(Input begins)

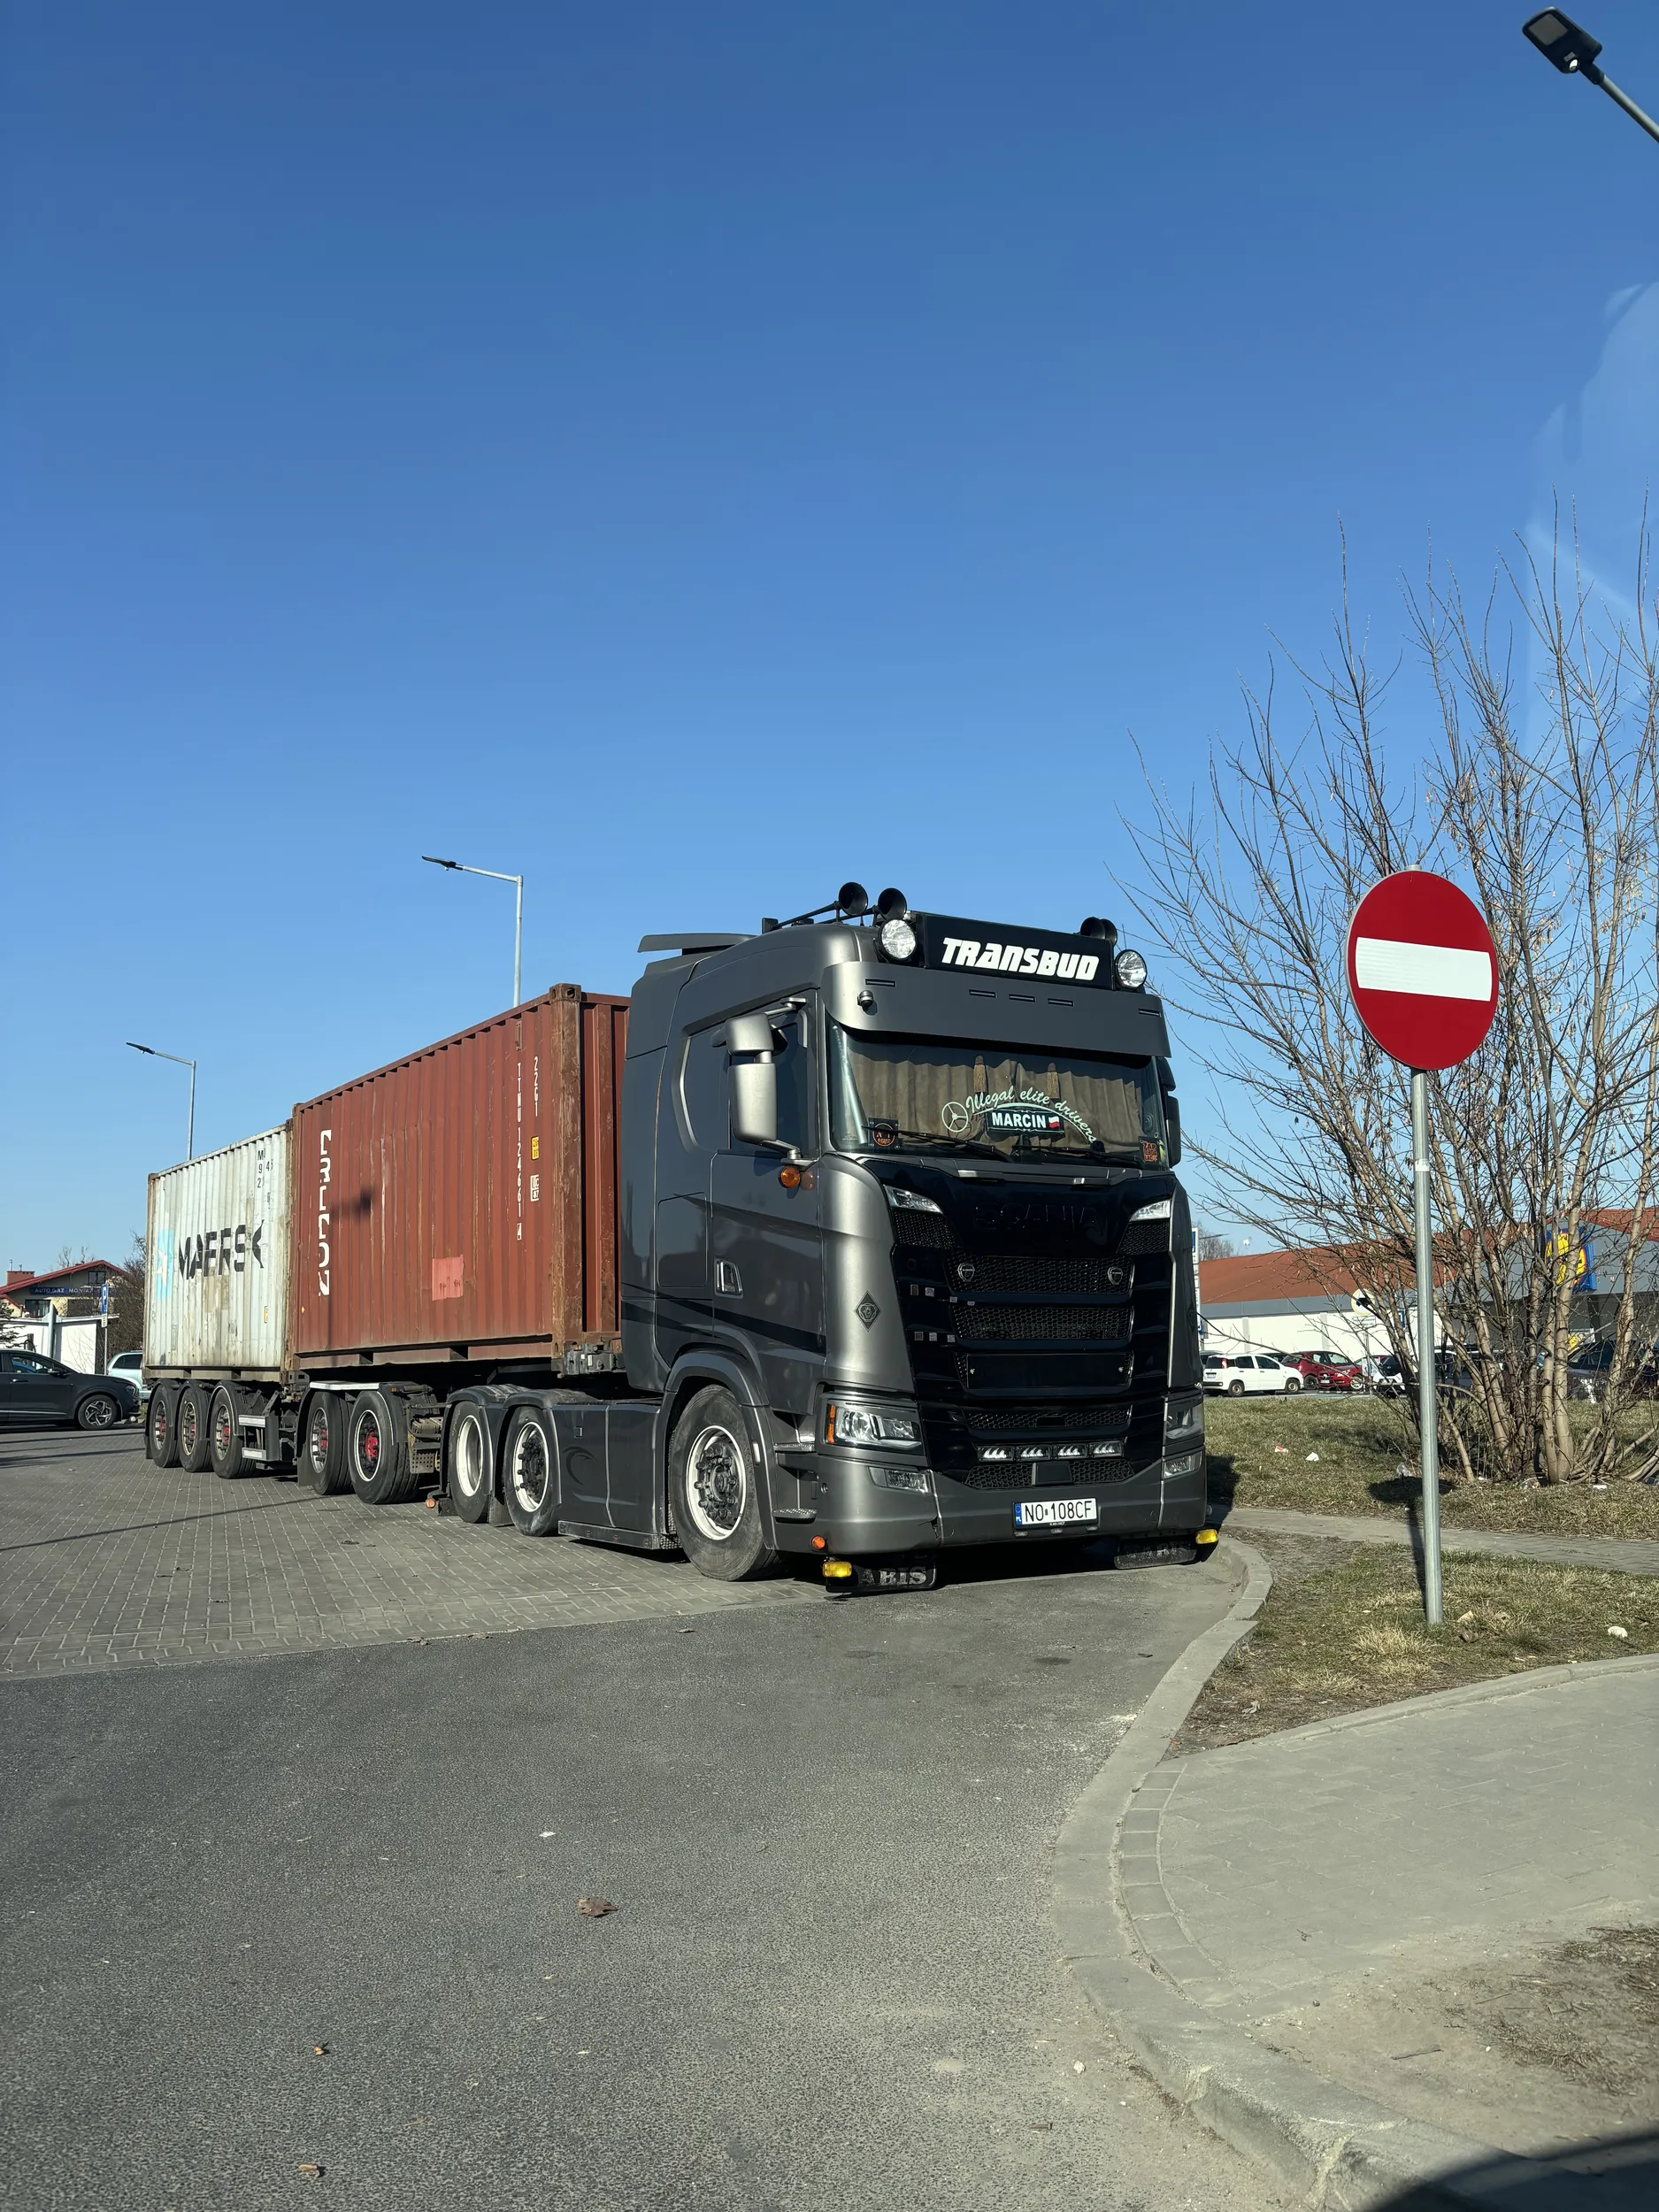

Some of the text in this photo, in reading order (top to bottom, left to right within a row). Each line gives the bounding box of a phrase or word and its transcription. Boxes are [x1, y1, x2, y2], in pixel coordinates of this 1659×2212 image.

[941, 937, 1100, 981] TRANSBUD
[966, 1085, 1097, 1144] Illegal elite drivers
[991, 1112, 1047, 1129] MARCIN
[1025, 1500, 1093, 1523] NO 108CF

(Input ends)

### What the task asks
Return the complete material above exactly, with no picture.

### Answer box
Some of the text in this photo, in reading order (top to bottom, left to right within a row). Each line gives the bounding box of a phrase or word and its transcription. Boxes are [x1, y1, x2, y2], in pixel coordinates of this 1659×2212 image.

[941, 937, 1100, 981] TRANSBUD
[966, 1085, 1097, 1144] Illegal elite drivers
[991, 1112, 1047, 1129] MARCIN
[1025, 1500, 1093, 1523] NO 108CF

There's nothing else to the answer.